The NSPCC is dedicated to perinatal wellbeing and advocating for a preventative model of care that has the potential to improve the mental health for parents, families and communities. Here in the first of two articles, Camilla Sanger, Alice Haynes, Gary Mountain and Naomi Bonett-Healy provide an update of antenatal mental health research and recommended practice, with a specific focus on the role midwives can play in screening and identifying mental health problems.

For both mothers and fathers, pregnancy and the birth of a baby are periods of transition and changing roles, and it is a life-stage that is widely acknowledged as a time of heightened stress for new parents (Hock et al, 1995). Parental mental health difficulties during the perinatal period are a particular cause for concern because this is a sensitive time for children, when substantial neural, cognitive and socioemotional developments occur (Talge et al, 2007). Fortunately, the perinatal period is also a time when parents report being open to support and when expectant mothers receive a particularly high number of health-care appointments and professional contact, making it a key opportunity to identify difficulties and signpost families to early intervention programmes and support.
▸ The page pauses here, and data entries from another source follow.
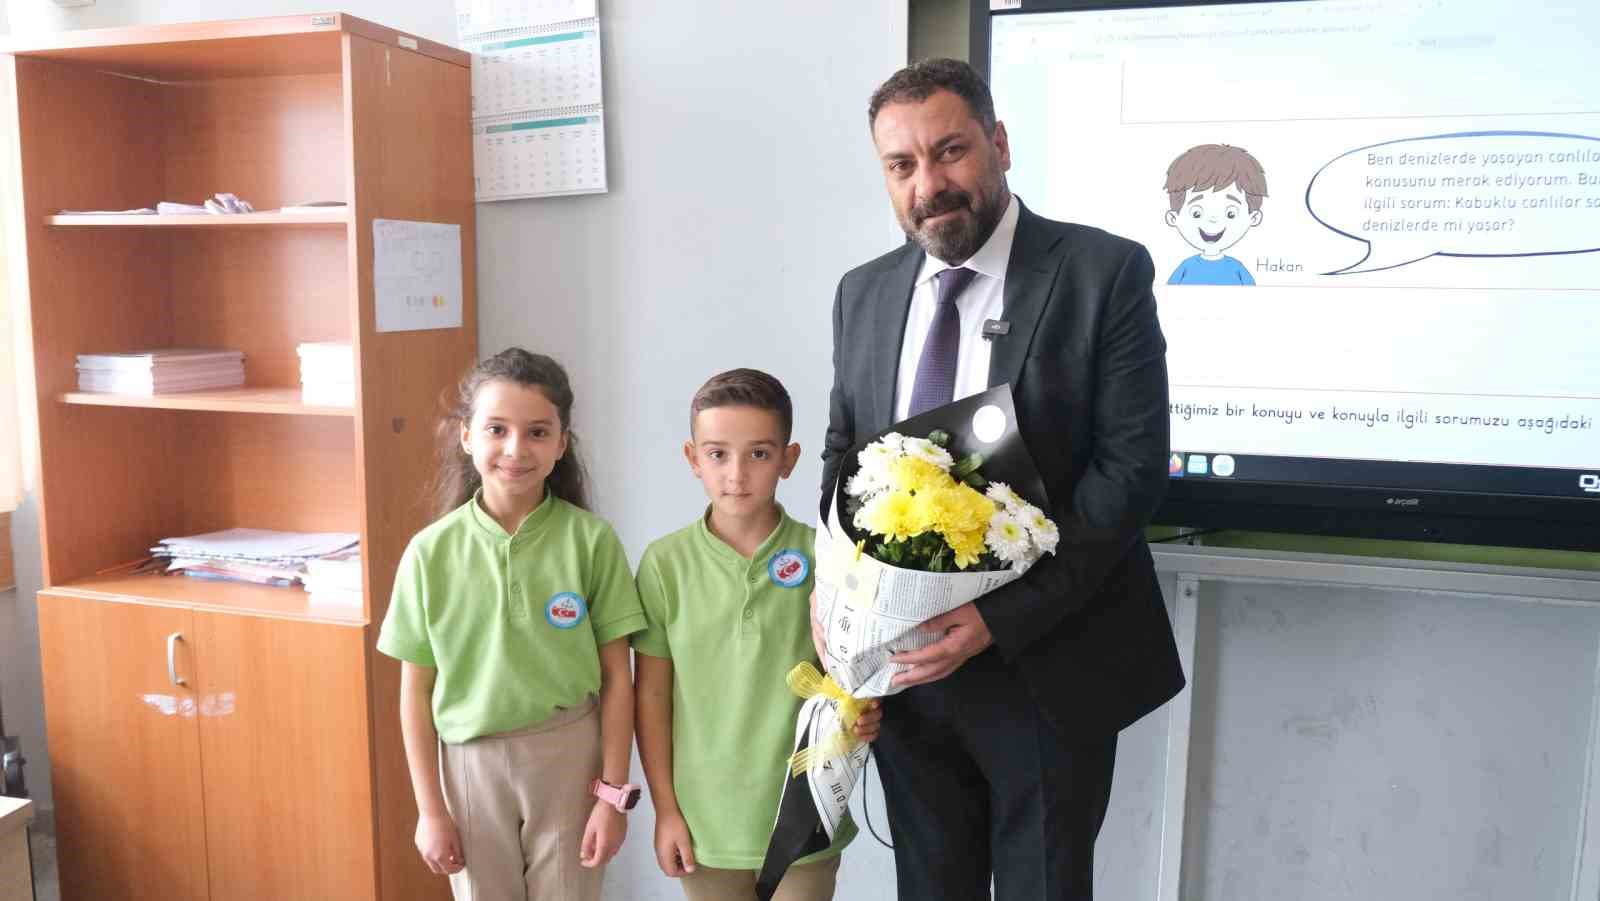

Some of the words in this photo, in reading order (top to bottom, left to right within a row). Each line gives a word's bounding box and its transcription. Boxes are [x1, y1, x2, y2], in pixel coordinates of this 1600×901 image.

[1367, 153, 1393, 166] Ben
[1399, 153, 1476, 166] denizlerde
[1366, 175, 1436, 188] konusunu
[1441, 175, 1490, 187] merak
[1495, 173, 1573, 189] ediyorum.
[1364, 195, 1396, 212] ilgili
[1455, 196, 1517, 209] Kabuklu
[1362, 218, 1439, 232] denizlerde
[1443, 217, 1463, 231] mi
[1256, 257, 1304, 272] Hakan
[1226, 402, 1245, 416] bir
[1252, 403, 1302, 424] konuyu
[1310, 411, 1325, 419] ve
[1332, 406, 1389, 427] konuyla
[1397, 408, 1428, 429] ilgili
[1435, 415, 1510, 426] sorumuzu
[1518, 414, 1593, 434] aşağıdaki
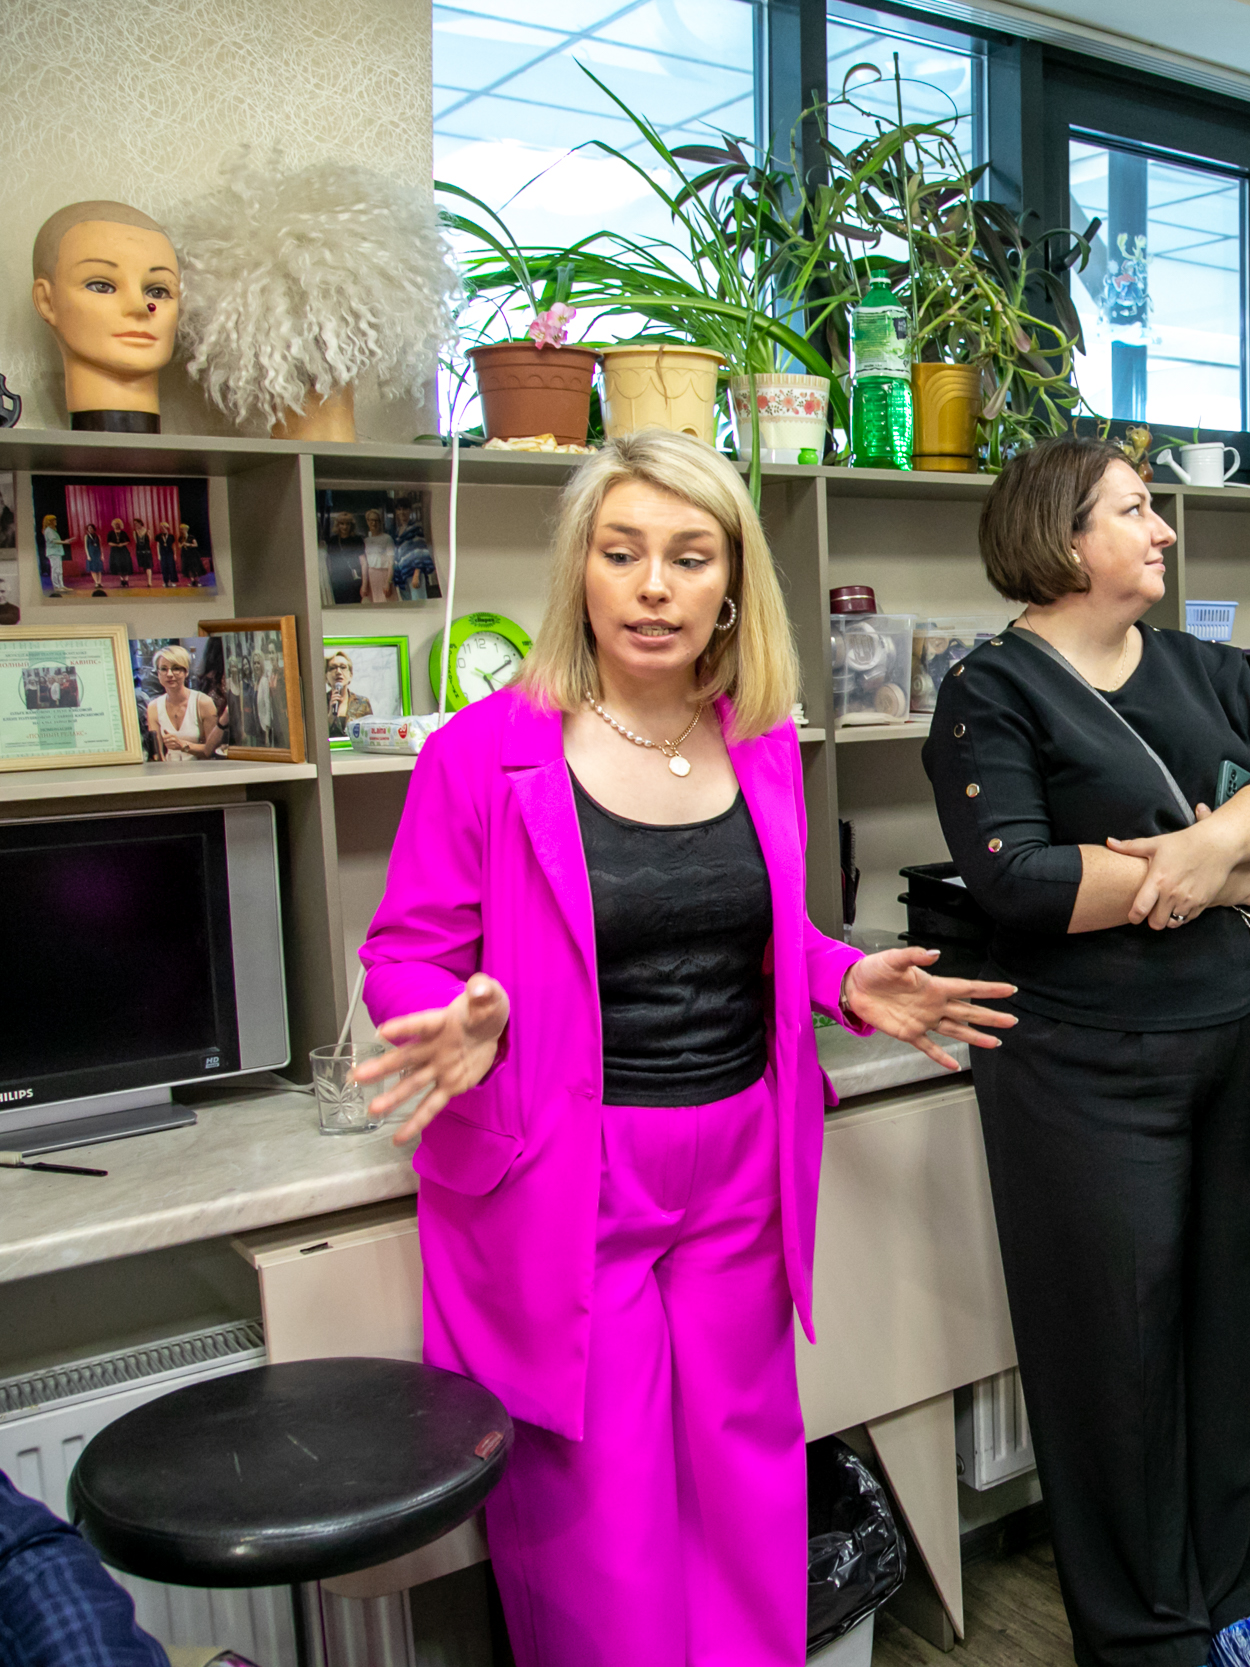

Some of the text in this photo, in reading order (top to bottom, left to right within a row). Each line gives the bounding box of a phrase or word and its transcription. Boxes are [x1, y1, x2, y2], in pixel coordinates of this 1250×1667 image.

[462, 643, 472, 654] 11
[474, 638, 486, 649] 12
[494, 642, 499, 653] 1
[456, 657, 467, 669] 0
[206, 1056, 220, 1064] HD
[0, 1088, 34, 1103] HILIPS
Antenatal mental health difficulties can include conditions which manifest during pregnancy as well as pre-existing conditions that may relapse or recur in the perinatal time-frame. Perinatal disorders can range from mild depression and anxiety, to florid psychosis, and everything in between. Mental health difficulties during the perinatal period affect between 10–20% of women (Bauer et al, 2014). While there is a tendency to associate mental health difficulties during this time with the period after birth, many women will also experience mental health difficulties during pregnancy. Research suggests that mental health difficulties may be more common in pregnancy than after birth (Heron et al, 2004).